J.A. Adjetey, L.C. Campbell and P.G.E. Searle

School of Crop Sciences, University of Sydney, NSW, 2006.

This paper examines the residual value of N applied as urea to a previous year's crop of wheat grown on a red brown earth soil. The residual value is important where large amounts of fertilizer have been applied at sowing or at head emergence with no apparent increase in yield of that crop. Lack of response was attributed to a dry season after anthesis.

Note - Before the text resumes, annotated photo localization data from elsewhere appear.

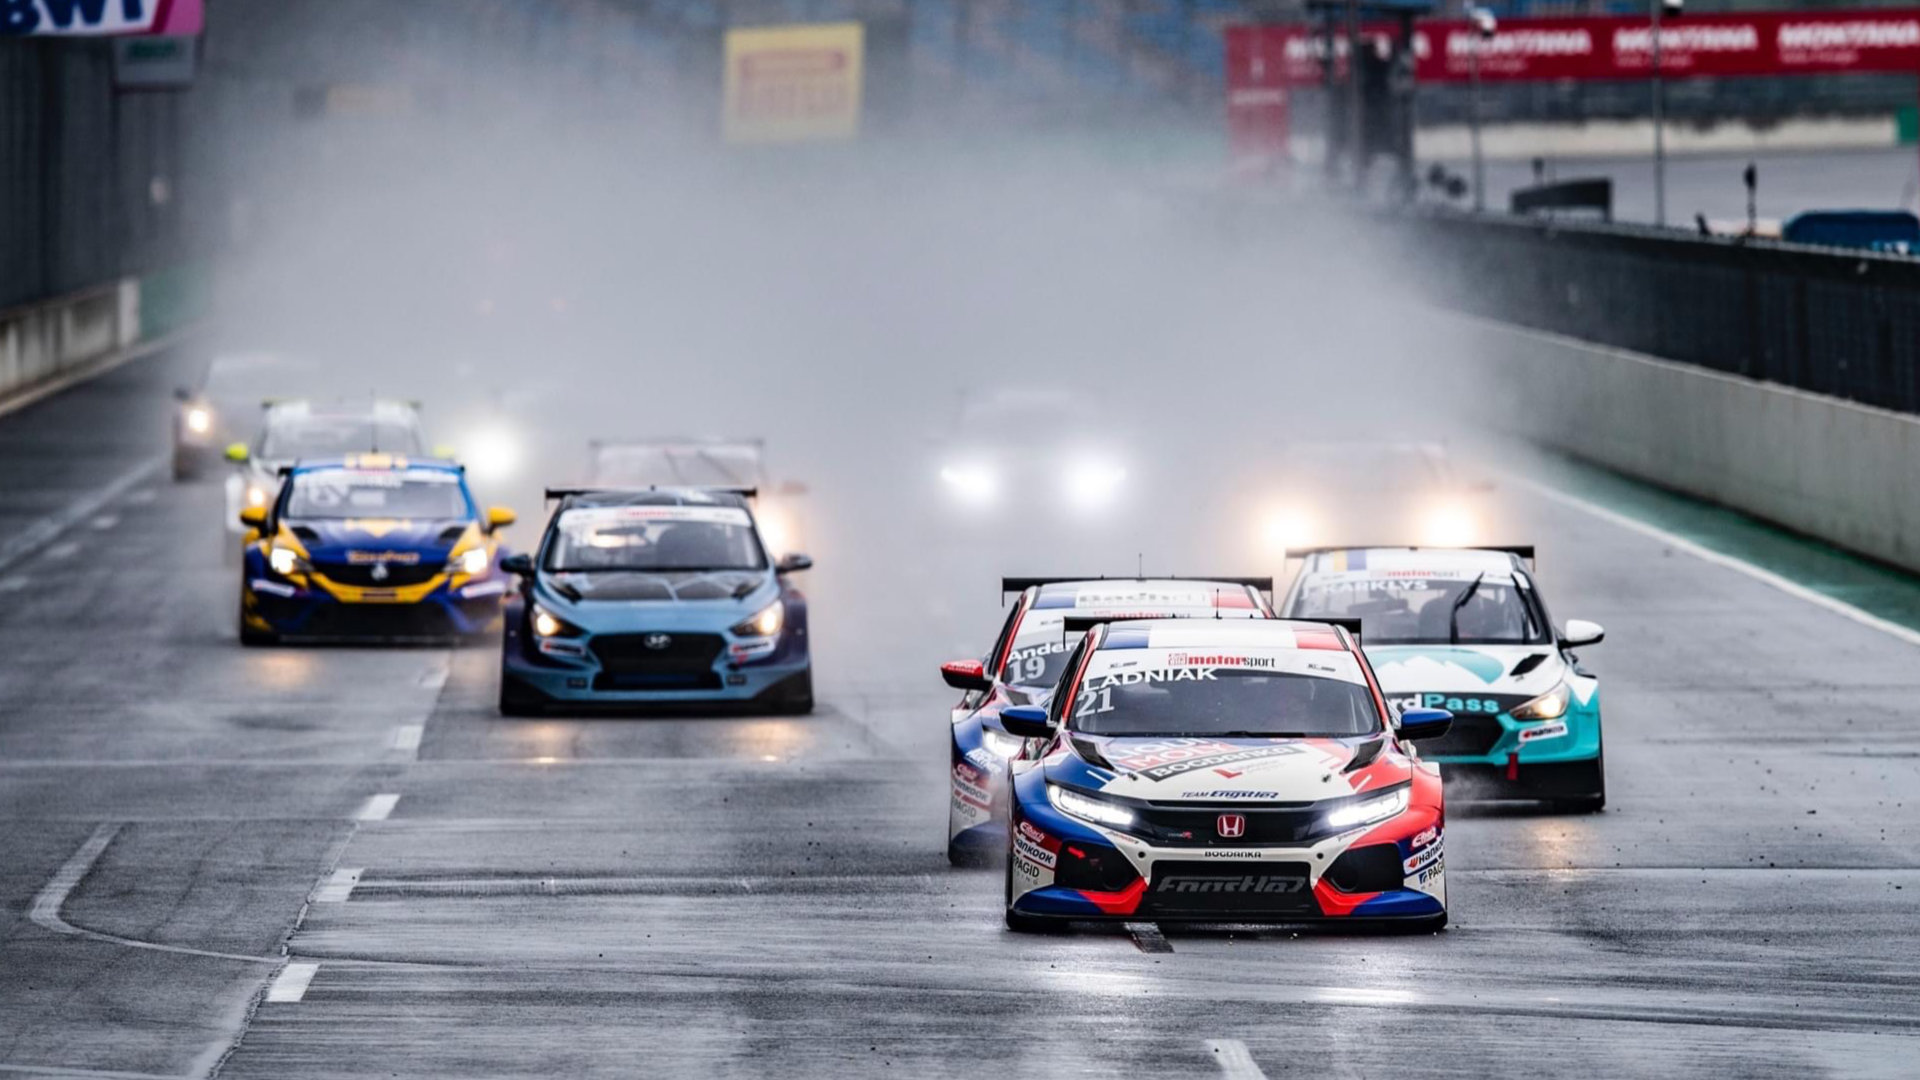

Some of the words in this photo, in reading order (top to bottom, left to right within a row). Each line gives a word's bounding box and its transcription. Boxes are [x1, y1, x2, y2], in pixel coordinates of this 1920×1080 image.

[1006, 640, 1082, 664] Ander
[1188, 655, 1275, 668] motorsport
[1009, 656, 1046, 685] 19
[1083, 667, 1217, 692] LADNIAK
[1075, 687, 1115, 718] 21
[1388, 694, 1499, 713] rdPass
[1181, 791, 1209, 799] TEAM
[1017, 838, 1054, 864] ankook
[1205, 850, 1262, 859] BOGDANKA
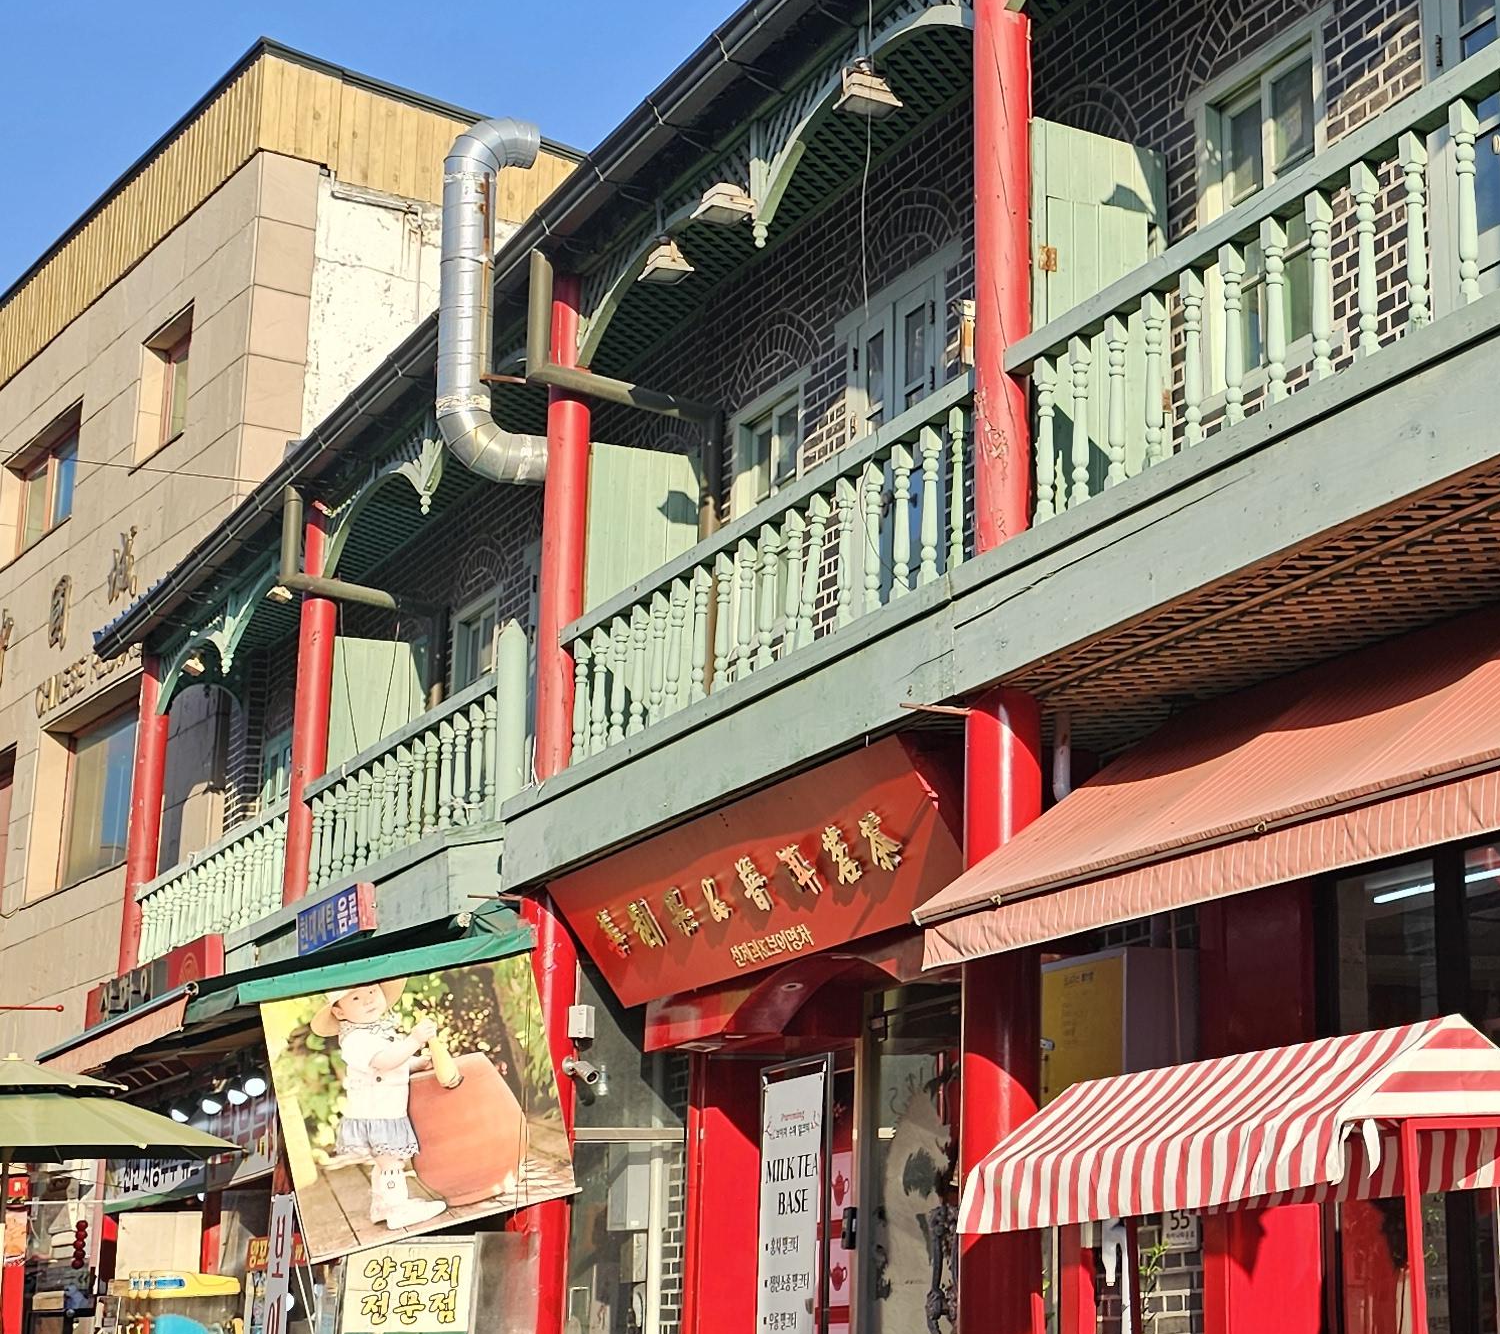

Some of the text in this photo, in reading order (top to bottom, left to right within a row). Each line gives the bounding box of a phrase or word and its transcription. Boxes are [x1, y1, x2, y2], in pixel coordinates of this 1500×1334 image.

[765, 1152, 818, 1184] MILK TEA
[777, 1188, 809, 1216] BASE
[363, 1255, 462, 1292] 양꼬치
[360, 1289, 457, 1326] 전문점
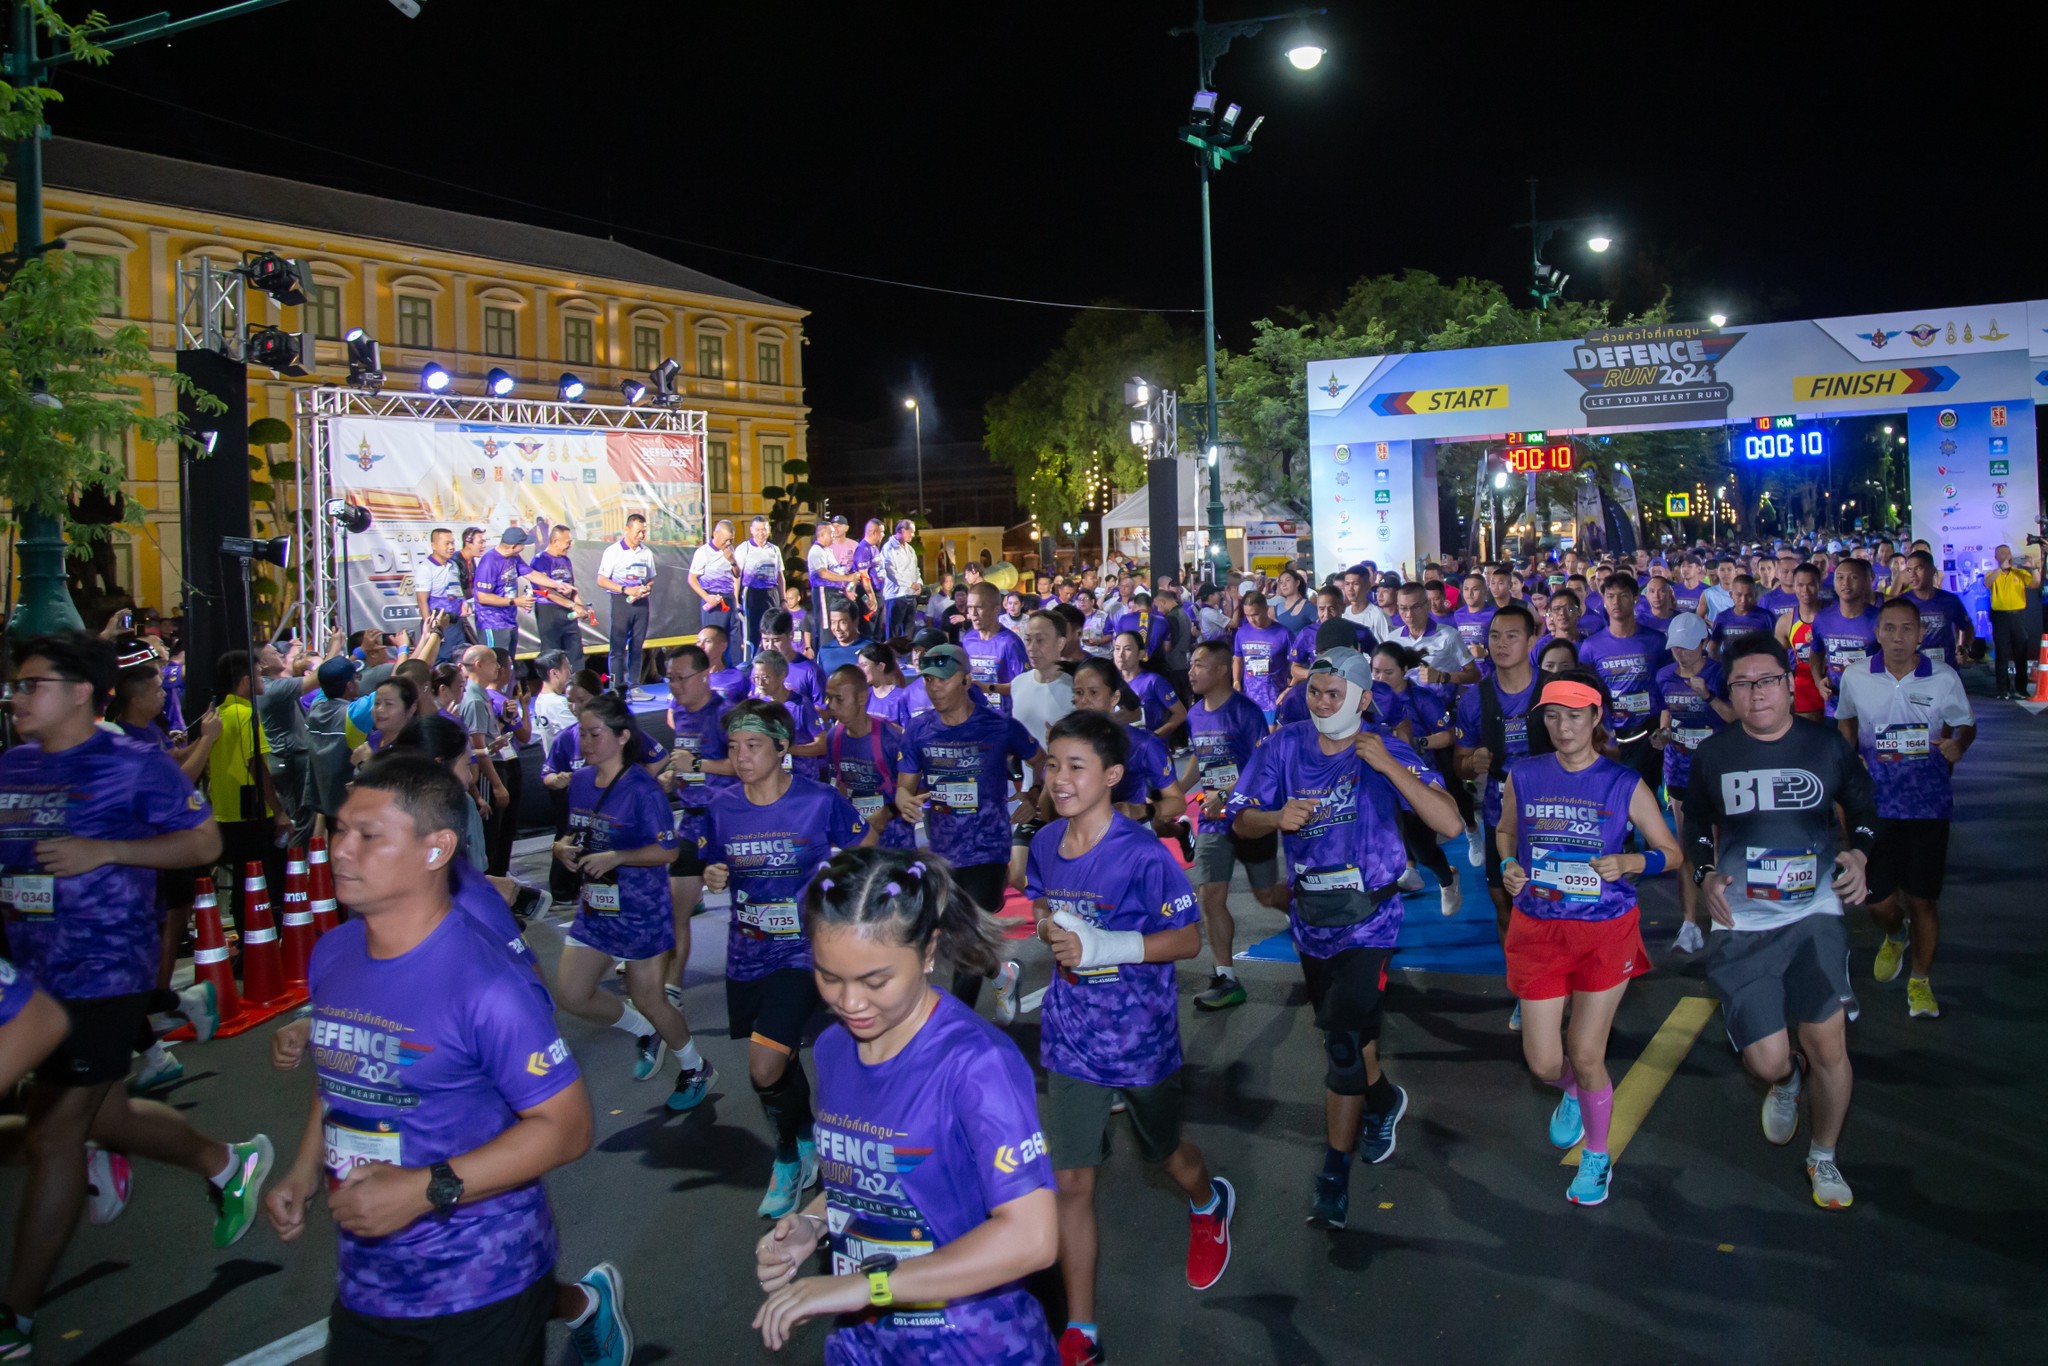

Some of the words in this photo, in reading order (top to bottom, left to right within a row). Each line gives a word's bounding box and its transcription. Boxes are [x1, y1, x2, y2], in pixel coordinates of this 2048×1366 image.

[1577, 340, 1706, 370] DEFENCE
[1603, 366, 1658, 388] RUN
[1659, 363, 1712, 386] 2024
[1810, 372, 1897, 398] FINISH
[1428, 388, 1498, 411] START
[1592, 397, 1612, 406] LET
[1617, 395, 1648, 404] YOUR
[1654, 392, 1691, 402] HEART
[1758, 417, 1770, 429] 10
[1508, 432, 1522, 443] 21
[390, 608, 408, 617] LET
[1823, 637, 1865, 648] DEFENCE
[1602, 657, 1646, 669] DEFENCE
[1905, 739, 1926, 748] 1644
[922, 746, 980, 759] DEFENCE
[957, 756, 981, 768] 2024
[1219, 774, 1237, 783] 1528
[953, 793, 974, 802] 1725
[1525, 804, 1598, 823] DEFENCE
[1535, 818, 1569, 831] RUN
[1568, 820, 1601, 836] 2024
[724, 838, 795, 856] DEFENCE
[767, 853, 798, 867] 2024
[1545, 861, 1556, 871] 3K
[1760, 860, 1776, 870] 10K
[1305, 875, 1320, 884] 10K
[1534, 870, 1541, 879] F
[1787, 870, 1813, 882] 5102
[21, 891, 51, 904] 0343
[595, 895, 615, 904] 1912
[768, 917, 794, 926] 1735
[358, 1056, 404, 1089] 2024
[350, 1087, 382, 1101] HEART
[388, 1094, 412, 1104] RUN
[813, 1122, 898, 1173] EFENCE
[853, 1167, 906, 1200] 2024
[892, 1207, 918, 1218] RUN

In 1987 N (0, 50, 100 kg/ha) was applied at sowing and a split application of 50/50 kg/ha made at sowing and at head emergence. The soil was analysed for extractable NO3- and NH4+ to a depth of 75 cm before sowing wheat (Hartog) in 1988.

Results and discussion

The total NO3- in the soil profile in the 50/50 and 100 kg/ha pretreatments was nearly double that detected in the 0 and 50 kg/ha pretreatments while the NH4+ content was higher only in soil which received the split application of urea (Table 1).

Grain yield, head number m-2, grain number and grain weight/head as well as grain protein were positively related to the initial NO3- levels (Table 1).

Table 1. Residual N and yield components of Hartog wheat.

The yield differences between treatments were attributed to an enhanced tiller production and survival rather than any attributes associated with individual heads (e.g. the product of seed size and number) as grain weight per head was similar in all treatments. This experiment showed that considerable amounts of residual mineral N can occur on a red brown earth soil. This residual N was available for the successive crop. However, the relatively low grain protein concentration in all treatments was an indication that some fertilizer N would still be required to achieve optimum N response in the crop.